### Try it
Repeat the data in full. No line may differ from the original.

══════

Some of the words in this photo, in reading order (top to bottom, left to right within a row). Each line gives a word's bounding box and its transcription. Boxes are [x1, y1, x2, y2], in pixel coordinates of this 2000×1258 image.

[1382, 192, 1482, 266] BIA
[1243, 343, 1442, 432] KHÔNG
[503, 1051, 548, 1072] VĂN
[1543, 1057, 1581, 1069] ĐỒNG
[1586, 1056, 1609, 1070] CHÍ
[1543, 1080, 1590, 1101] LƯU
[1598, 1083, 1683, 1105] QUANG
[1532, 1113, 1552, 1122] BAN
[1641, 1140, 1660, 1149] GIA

══════

### Task solution
Some of the words in this photo, in reading order (top to bottom, left to right within a row). Each line gives a word's bounding box and its transcription. Boxes are [x1, y1, x2, y2], in pixel coordinates of this 2000×1258 image.

[1382, 192, 1482, 266] BIA
[1243, 343, 1442, 432] KHÔNG
[503, 1051, 548, 1072] VĂN
[1543, 1057, 1581, 1069] ĐỒNG
[1586, 1056, 1609, 1070] CHÍ
[1543, 1080, 1590, 1101] LƯU
[1598, 1083, 1683, 1105] QUANG
[1532, 1113, 1552, 1122] BAN
[1641, 1140, 1660, 1149] GIA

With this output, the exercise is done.